Not all was well, however, in Machiavelli’s professional life. He complained to his friends about the Chancery’s low pay; he also described doing all the hard work in various negotiations, only to see some powerful senior minister brought on board at the last moment to finish the job and take the credit. Many above him, he said, were stupid and lazy, appointed to their positions by virtue of birth and connections. He was developing the art of dealing with these men, he told his friends, finding a way to use them instead of being used.
Before Machiavelli’s arrival in the Chancery, Florence had been ruled by the Medici family, who, however, had been unseated in 1494, when the city became a republic. In 1512, Pope Julius II financed an army to take Florence by force, overthrow the republic, and restore the Medicis to power. The plan succeeded, and the Medicis took control, well in Julius’s debt. A few weeks later, Machiavelli was sent to prison, vaguely implicated in a conspiracy against the Medicis. He was tortured but refused to talk, whether about his own involvement or that of others. Released from prison in March 1513, he retired in disgrace to a small farm owned by his family a few miles outside Florence.
Machiavelli had a close friend in a man called Francesco Vettori, who had managed to survive the change in government and to ingratiate himself with the Medicis. In the spring of 1513, Vettori began to receive letters in which Machiavelli described his new life. At night he would shut himself up in his study and converse in his mind with great figures in history, trying to uncover the secrets of their power. He wanted to distill the many things he himself had learned about politics and statecraft. And, he wrote to Vettori, he was writing a little pamphlet called De principatibus –later titled The Prince –“where I dive as deep as I can into ideas about this subject, discussing the nature of princely rule, what forms it takes, how these are acquired, how they are maintained, how they are lost.” The knowledge and advice imparted in this pamphlet would be more valuable to a prince than the largest army–perhaps Vettori could show it to one of the Medicis, to whom Machiavelli would gladly dedicate the work? It could be of great use to this family of “new princes.” It could also revive Machiavelli’s career, for he was despondent at his isolation from politics.
Vettori passed the essay along to Lorenzo de’ Medici, who accepted it with much less interest than he did two hunting dogs given to him at the same time. Actually, The Prince perplexed even Vettori: its advice was sometimes starkly violent and amoral, yet its language was quite dispassionate and matter-of-fact–a strange and uncommon mix.
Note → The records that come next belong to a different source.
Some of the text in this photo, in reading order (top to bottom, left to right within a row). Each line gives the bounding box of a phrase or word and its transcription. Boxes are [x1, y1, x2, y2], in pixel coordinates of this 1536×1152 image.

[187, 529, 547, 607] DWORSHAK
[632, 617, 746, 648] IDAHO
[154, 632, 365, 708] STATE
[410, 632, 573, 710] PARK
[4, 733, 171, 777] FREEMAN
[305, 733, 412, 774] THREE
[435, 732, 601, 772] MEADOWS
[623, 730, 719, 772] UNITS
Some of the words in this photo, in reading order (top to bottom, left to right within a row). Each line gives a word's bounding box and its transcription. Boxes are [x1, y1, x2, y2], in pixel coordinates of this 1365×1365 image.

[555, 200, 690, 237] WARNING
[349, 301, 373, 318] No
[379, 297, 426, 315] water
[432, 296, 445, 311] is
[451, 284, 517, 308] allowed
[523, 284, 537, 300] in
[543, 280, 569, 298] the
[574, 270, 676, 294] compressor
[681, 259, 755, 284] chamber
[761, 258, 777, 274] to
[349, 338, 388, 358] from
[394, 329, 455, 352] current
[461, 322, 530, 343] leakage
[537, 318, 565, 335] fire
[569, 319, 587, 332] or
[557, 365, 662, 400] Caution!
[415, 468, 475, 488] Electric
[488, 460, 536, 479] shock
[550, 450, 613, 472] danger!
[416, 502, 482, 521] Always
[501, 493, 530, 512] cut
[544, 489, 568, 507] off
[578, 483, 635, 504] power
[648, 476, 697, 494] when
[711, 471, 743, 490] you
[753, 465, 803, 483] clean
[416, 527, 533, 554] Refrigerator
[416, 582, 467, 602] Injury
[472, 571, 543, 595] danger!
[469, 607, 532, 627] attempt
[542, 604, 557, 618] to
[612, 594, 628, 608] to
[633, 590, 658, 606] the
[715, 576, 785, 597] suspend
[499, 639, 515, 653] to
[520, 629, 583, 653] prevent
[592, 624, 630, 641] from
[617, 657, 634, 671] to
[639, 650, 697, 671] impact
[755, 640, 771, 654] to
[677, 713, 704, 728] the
The author wrote the truth, but a little too boldly. Machiavelli also sent the manuscript to other friends, who were equally unsure what to make of it. Perhaps it was intended as satire? Machiavelli’s disdain for aristocrats with power but no brains was well known to his circle.
Soon Machiavelli wrote another book, later known as The Discourses , a distillation of his talks with friends since his fall from grace. A series of meditations on politics, the book contained some of the same stark advice as the earlier work but was more geared toward the constitution of a republic than to the actions of a single prince.
Over the next few years, Machiavelli slowly returned to favor and was allowed to participate in Florentine affairs. He wrote a play, Mandragola , which, though scandalous, was admired by the pope and staged at the Vatican; he was also commissioned to write a history of Florence. The Prince and The Discourses remained unpublished, but they circulated in manuscript among the leaders and politicians of Italy. Their audience was small, and when Machiavelli died in 1527, the former secretary to the republic seemed destined to return to the obscurity from which he came.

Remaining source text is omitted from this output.